Please go line by line and repeat the data below exactly, with no images.

#####

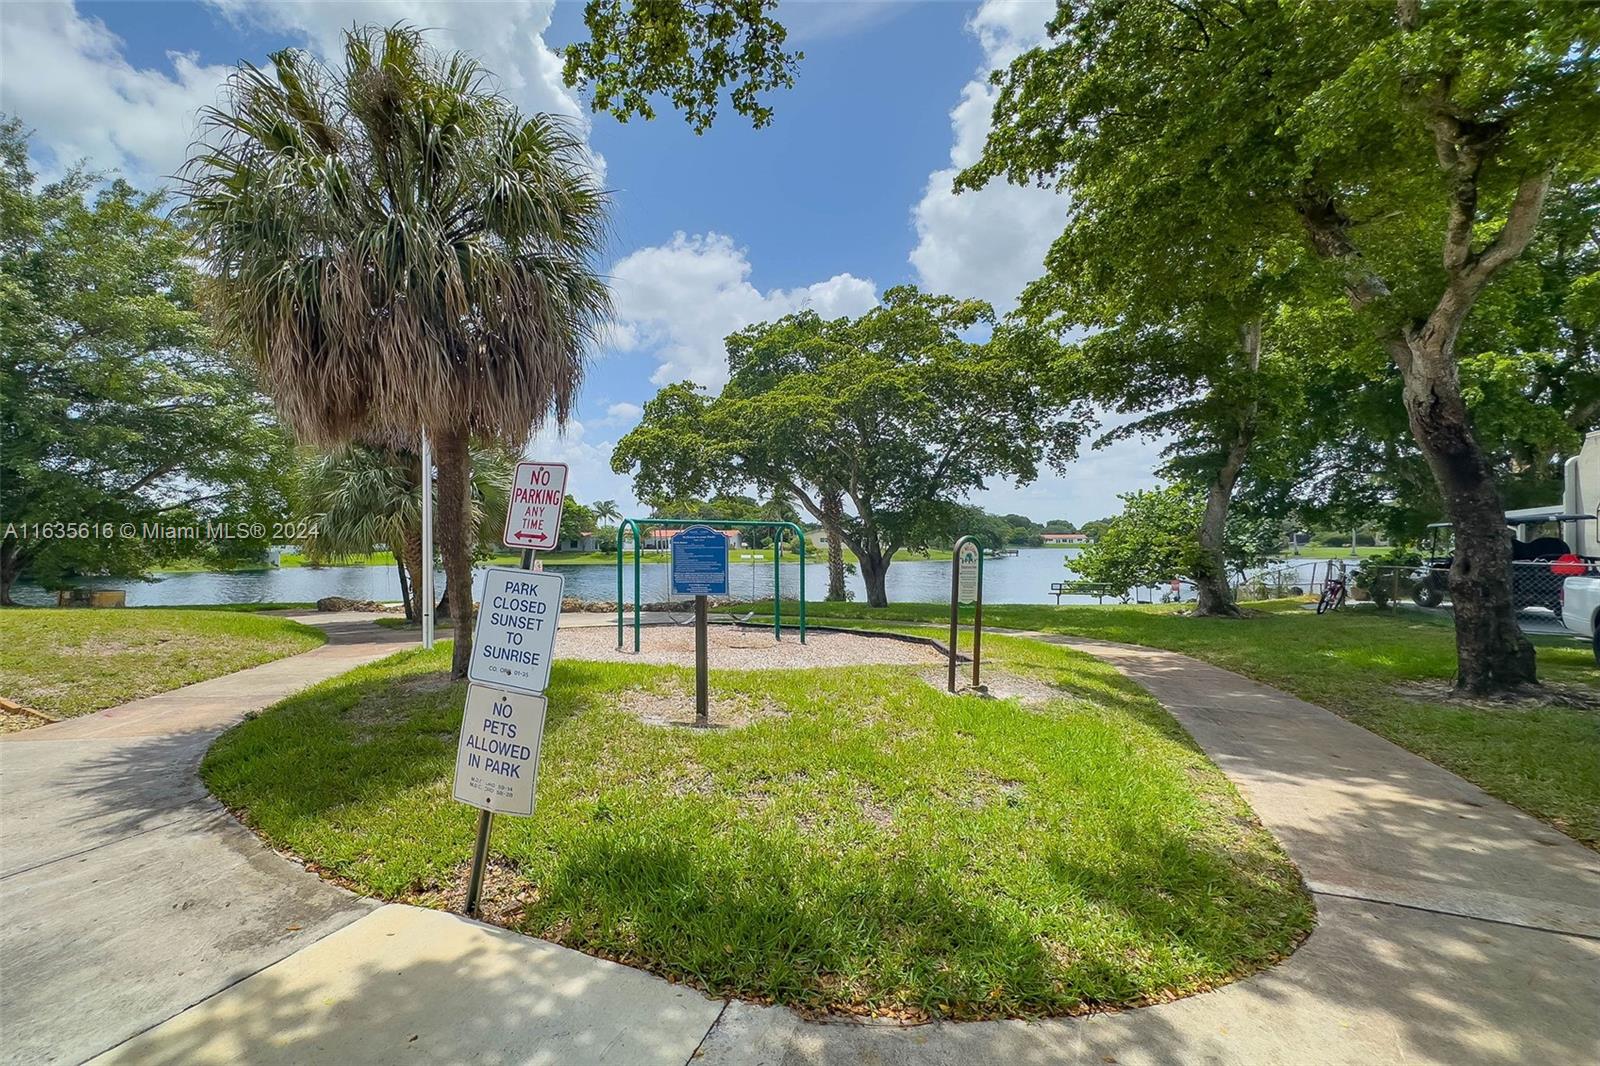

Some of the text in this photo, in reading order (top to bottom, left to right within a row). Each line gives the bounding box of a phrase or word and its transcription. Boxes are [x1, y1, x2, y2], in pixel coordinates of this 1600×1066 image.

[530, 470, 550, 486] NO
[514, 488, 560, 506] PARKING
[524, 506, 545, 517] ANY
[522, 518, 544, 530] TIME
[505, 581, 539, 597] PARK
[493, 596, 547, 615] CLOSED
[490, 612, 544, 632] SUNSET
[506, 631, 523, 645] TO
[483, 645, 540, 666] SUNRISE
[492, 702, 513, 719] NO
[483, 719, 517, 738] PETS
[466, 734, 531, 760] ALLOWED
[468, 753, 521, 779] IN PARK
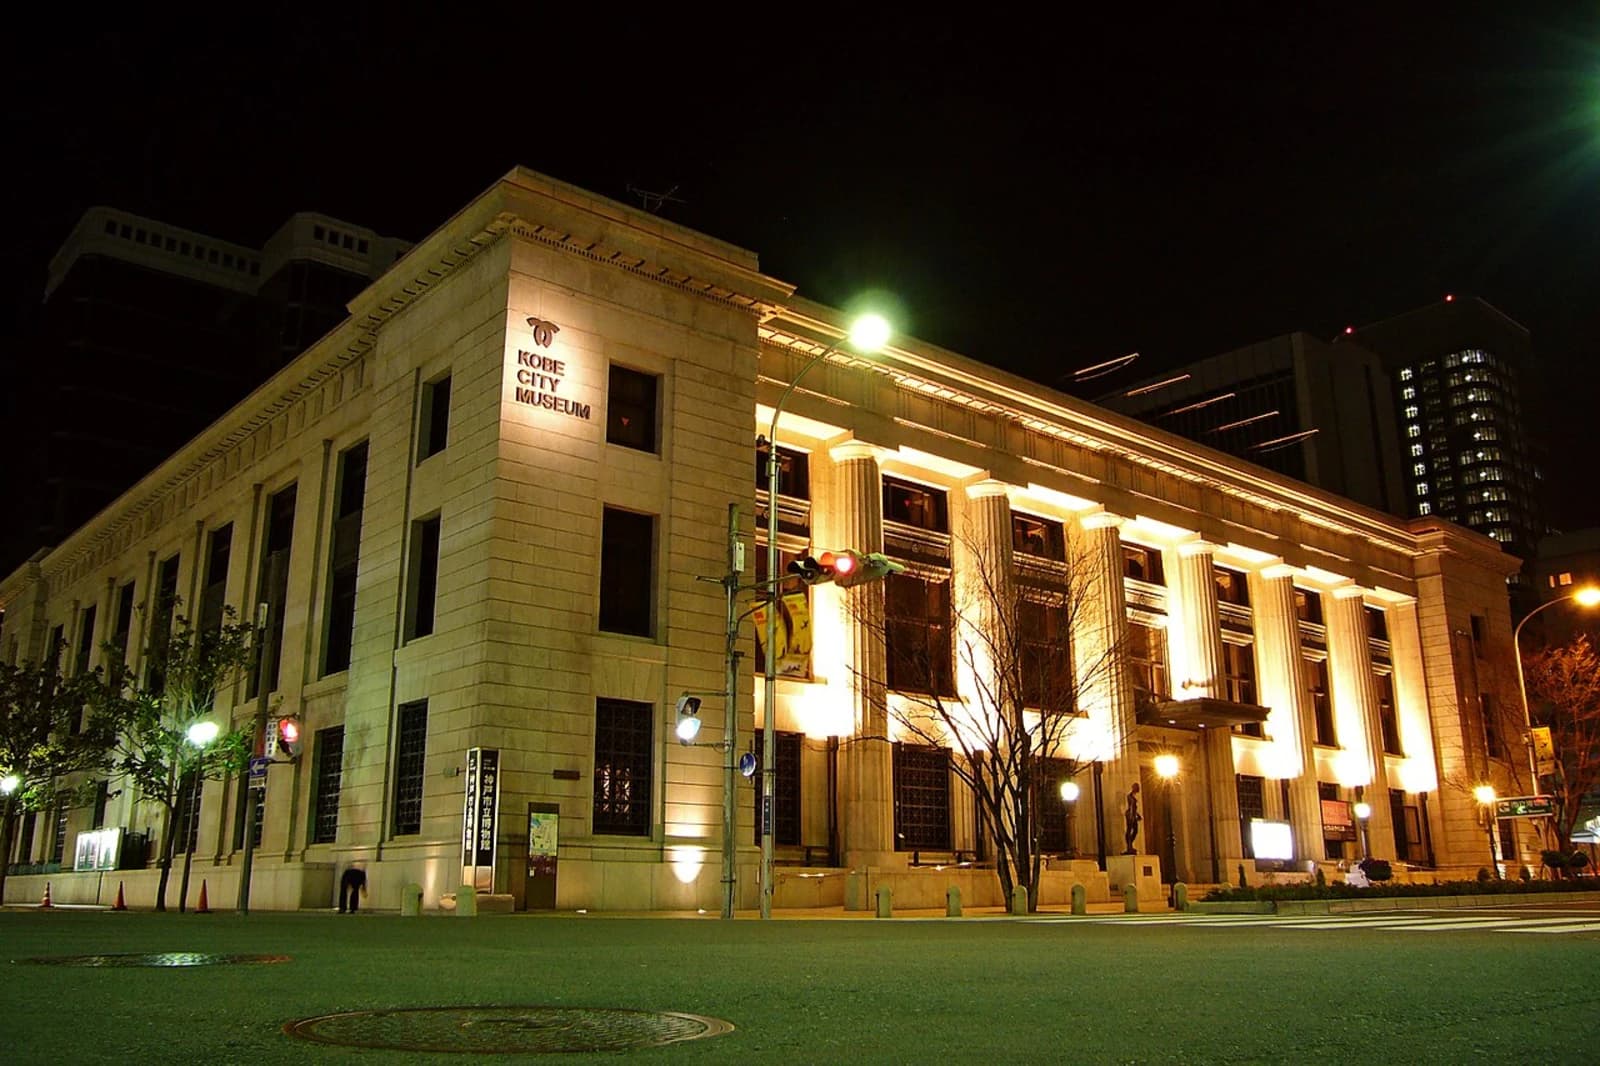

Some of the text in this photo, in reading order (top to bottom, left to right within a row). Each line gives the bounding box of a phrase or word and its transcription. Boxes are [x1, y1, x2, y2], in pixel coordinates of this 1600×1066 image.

#####

_Solution for this task_:
Some of the text in this photo, in reading order (top to bottom, left to right within a row). Each line gives the bounding box of a phrase or word and its transcription. Boxes are [x1, y1, x2, y2], in pixel coordinates of this 1600×1066 image.

[530, 470, 550, 486] NO
[514, 488, 560, 506] PARKING
[524, 506, 545, 517] ANY
[522, 518, 544, 530] TIME
[505, 581, 539, 597] PARK
[493, 596, 547, 615] CLOSED
[490, 612, 544, 632] SUNSET
[506, 631, 523, 645] TO
[483, 645, 540, 666] SUNRISE
[492, 702, 513, 719] NO
[483, 719, 517, 738] PETS
[466, 734, 531, 760] ALLOWED
[468, 753, 521, 779] IN PARK

Some of the text in this photo, in reading order (top to bottom, left to right within a row). Each line gives the bounding box of a phrase or word and its transcription. Boxes are [x1, y1, x2, y2], in pixel coordinates of this 1600×1066 image.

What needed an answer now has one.